The Federal Court on Thursday granted The Canberra Times access to documents filed by the former Liberal Party staffer in defamation proceedings against two media outlets.
Mr Lehrmann is suing Network Ten and News Life Media, the publisher of news.com.au, over their coverage of allegations he raped Brittany Higgins at Parliament House in 2019.
The 27-year-old, who has always denied sexually assaulting his ex-colleague in the office of Liberal senator Linda Reynolds, stood trial in the ACT Supreme Court last October.
Mr Lehrmann, who launched the defamation proceedings on Tuesday, is now pursuing the two media companies in search of damages and other remedies.
His lawsuits name Ten presenter Lisa Wilkinson and news.com.au political editor Samantha Maiden, who broke the news of Ms Higgins' allegations in February 2021, as respondents alongside their employers.

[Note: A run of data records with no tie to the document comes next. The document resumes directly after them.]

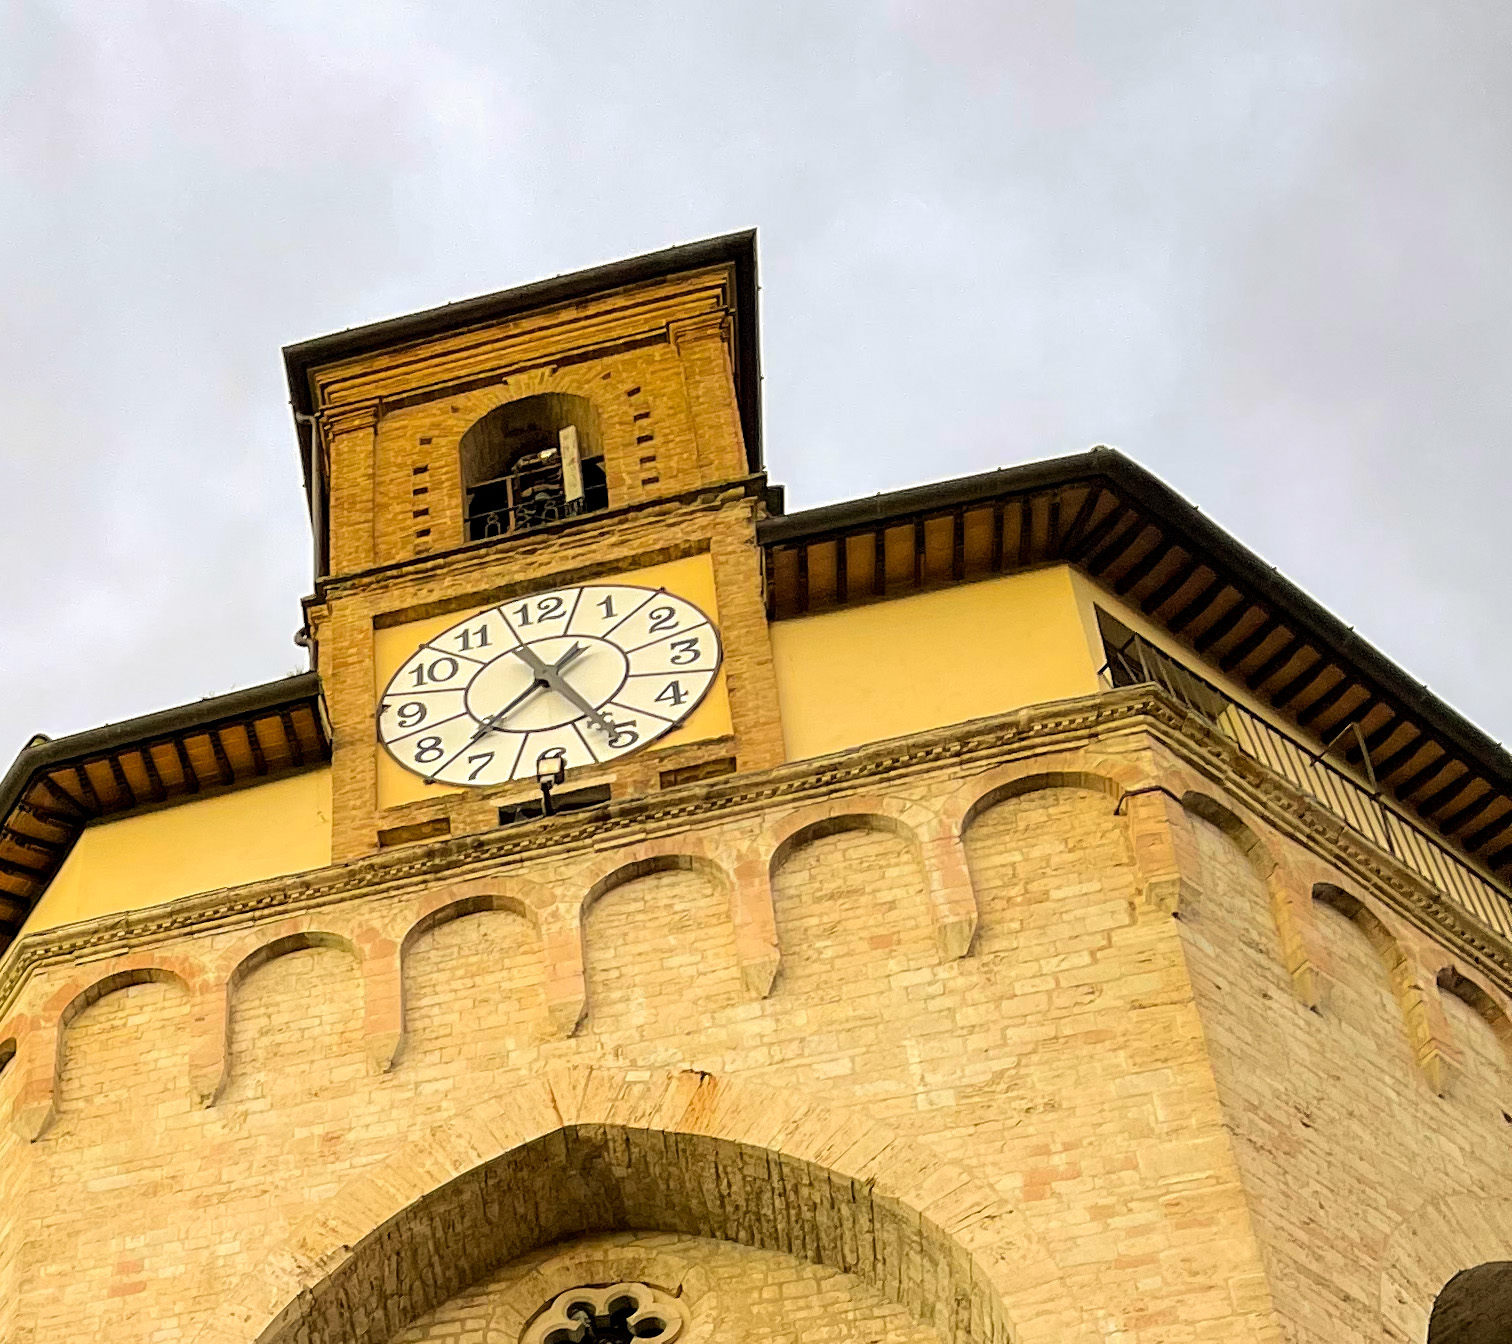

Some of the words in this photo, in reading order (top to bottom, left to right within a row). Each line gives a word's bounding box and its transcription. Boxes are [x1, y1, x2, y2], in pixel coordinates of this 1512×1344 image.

[512, 596, 568, 628] 12
[597, 595, 618, 620] 1
[648, 606, 679, 633] 2
[454, 624, 493, 652] 11
[669, 637, 701, 665] 3
[409, 657, 459, 687] 10
[654, 680, 688, 707] 4
[397, 702, 427, 727] 9
[414, 736, 445, 763] 8
[467, 751, 495, 781] 7

Documents filed in the case against Network Ten complain the broadcaster defamed Mr Lehrmann on The Project, a program on which Ms Wilkinson interviewed Ms Higgins.

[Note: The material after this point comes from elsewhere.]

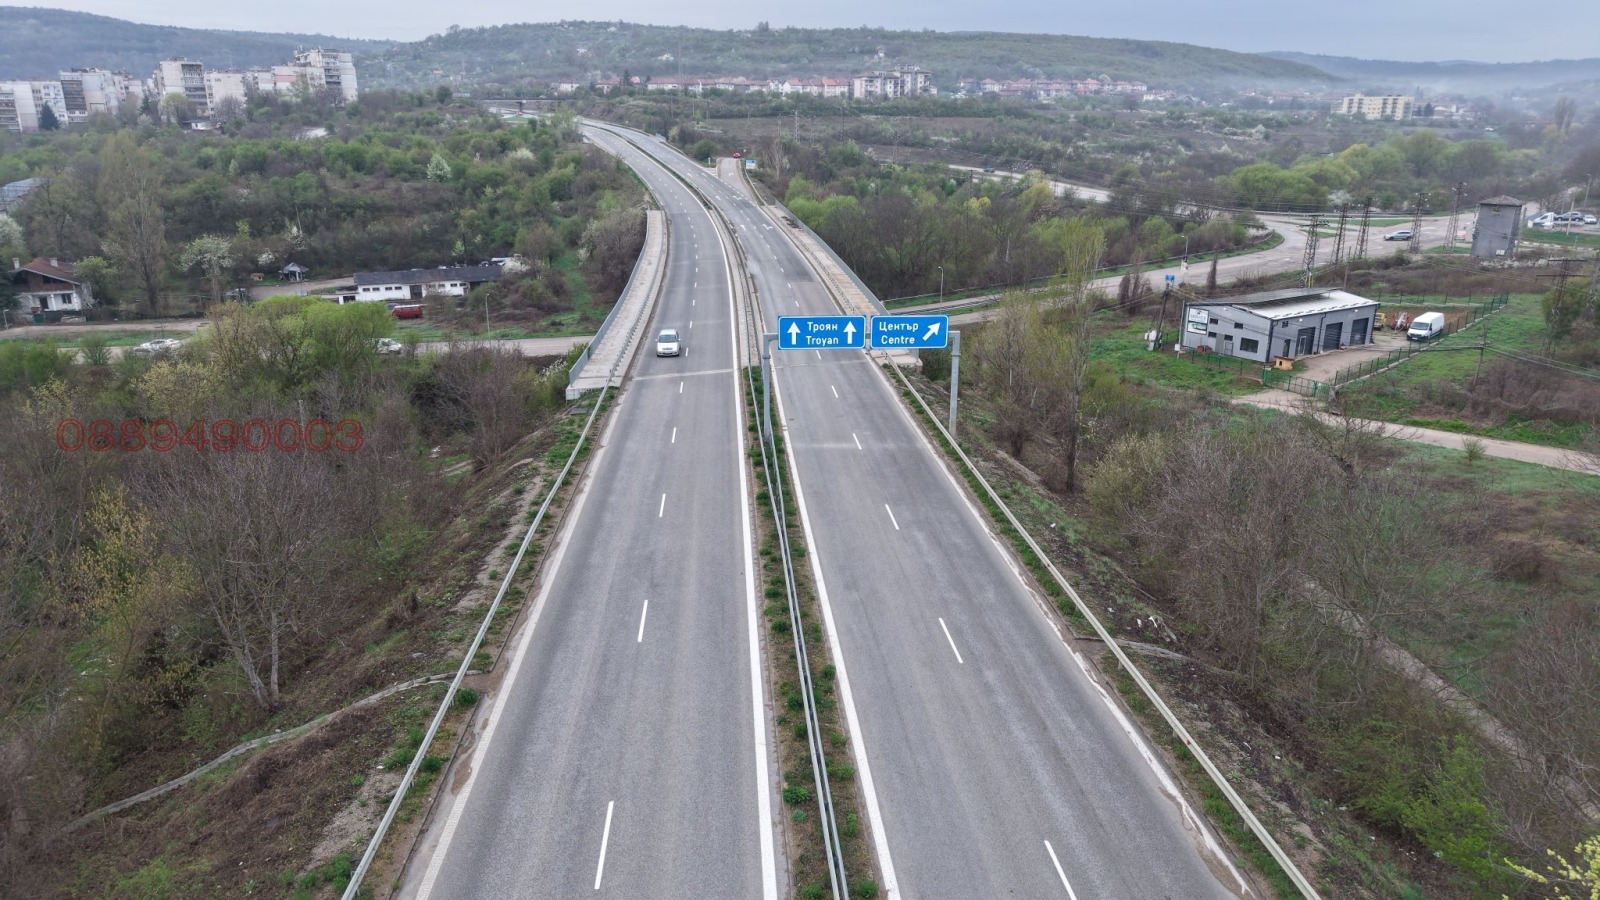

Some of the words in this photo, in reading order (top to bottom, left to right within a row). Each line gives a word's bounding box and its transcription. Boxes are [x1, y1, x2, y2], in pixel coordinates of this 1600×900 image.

[807, 321, 838, 333] Троян
[879, 321, 919, 333] Център
[806, 335, 839, 346] Troyan
[881, 335, 915, 345] Centre

The interview was also published on the network's 10Play website and YouTube channel.
Mr Lehrmann claims it conveyed four defamatory imputations about him, including that he raped Ms Higgins while she cried and told him to stop, that he bruised her leg in the process, and that he ultimately left her in Senator Reynolds' office in a state of undress.

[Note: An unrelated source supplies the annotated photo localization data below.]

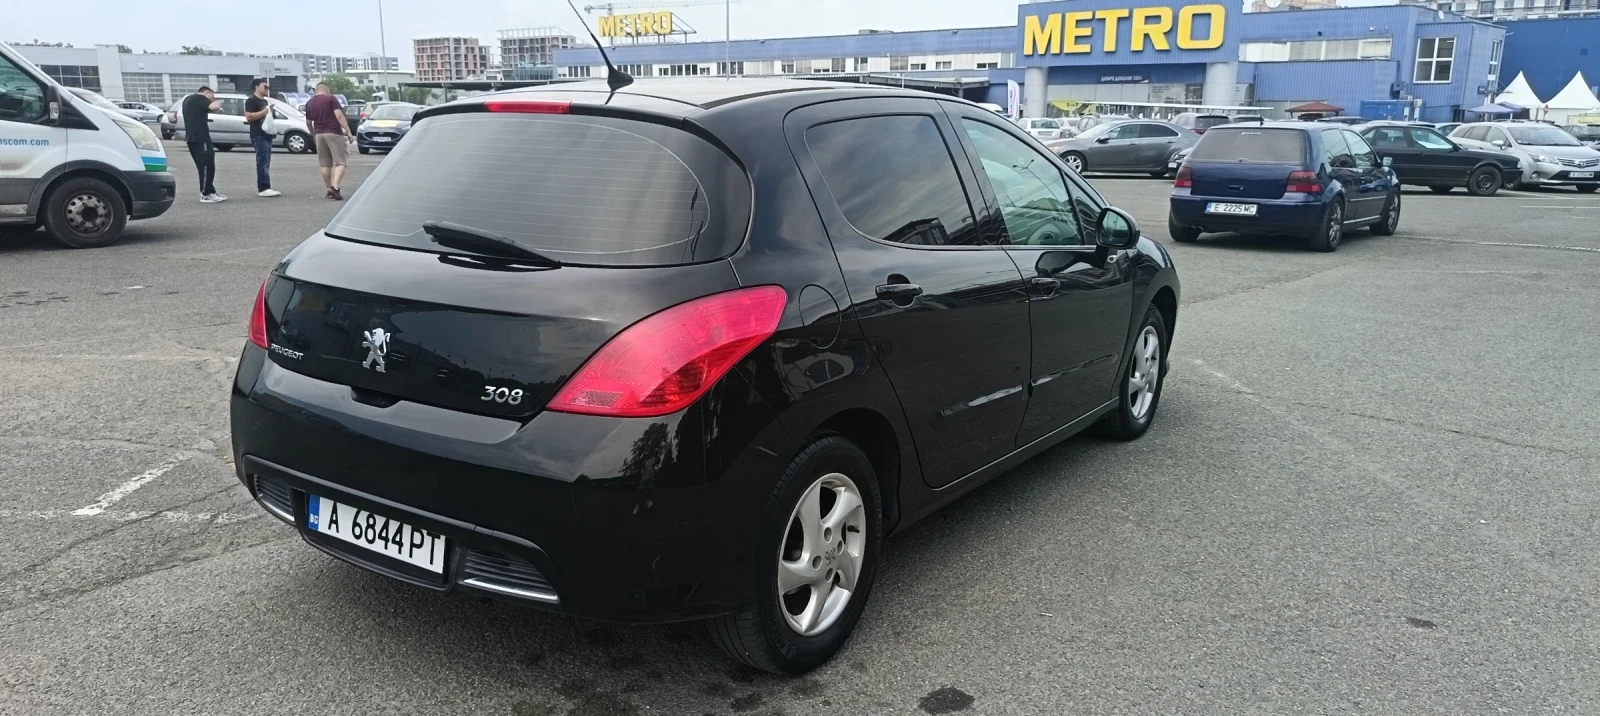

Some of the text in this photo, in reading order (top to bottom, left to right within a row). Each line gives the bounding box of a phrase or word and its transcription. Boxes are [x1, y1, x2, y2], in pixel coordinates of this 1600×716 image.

[598, 12, 672, 37] METRO
[1023, 4, 1226, 56] METRO
[271, 343, 304, 361] PEUGEOT
[480, 385, 524, 405] 308
[327, 500, 340, 533] A

While Network Ten did not name Mr Lehrmann at this stage of its coverage, in February 2021, he contends that its publications "invited readers to speculate about the identity of the person accused by Ms Higgins of sexually assaulting her".
His lawyers contend that people were able to figure out his identity from the broadcast, and provide links to online publications, including Tweets, in which people named him.
The case against News Life Media alleges the same defamatory imputations, and a claim the initial news.com.au coverage also implied Mr Lehrmann had signed Ms Higgins, who was drunk and did not have her security pass, into Parliament House so he could rape her.
Again, Mr Lehrmann alleges he was identifiable despite not being named, and that his family, friends, acquaintances and people who worked at Parliament House could deduce from Ms Maiden's initial coverage that he was the person Ms Higgins had accused of rape.
It was not until Mr Lehrmann was summonsed to face a rape charge six months after the initial coverage, his lawyers say, that his name was published by mainstream media.
Mr Lehrmann also claims both media companies, and the two journalists, intended to "injure" him by presenting Ms Higgins' allegations in an "over-sensationalised" manner.
Court documents say he was not given a reasonable opportunity to respond, and the hurt and harm occasioned by the publications in question was aggravated by his knowledge that "the respondents were recklessly indifferent to the truth or falsity of the imputations".
MORE A.C.T. COURT AND CRIME NEWS:
Mr Lehrmann also cites the evidence Ms Higgins gave during his aborted trial, when she said Ms Wilkinson and Ms Maiden were "fighting" with each other over the exclusive publication of her sexual assault claims "for the purpose of winning a Walkley award".
He alleges it can therefore be inferred both journalists were "seeking to exploit the false allegations of sexual assault as made by Ms Higgins for [their] own personal and professional gain".
The respondents are yet to file defences to Mr Lehrmann's claims.
The matter will next be before Justice Michael Lee for a case management hearing in March.
For Mr Lehrmann to be successful in his claims, he will need the Federal Court to extend the 12-month limitation period to bring defamation action given the coverage at the centre of the case was published nearly two years ago.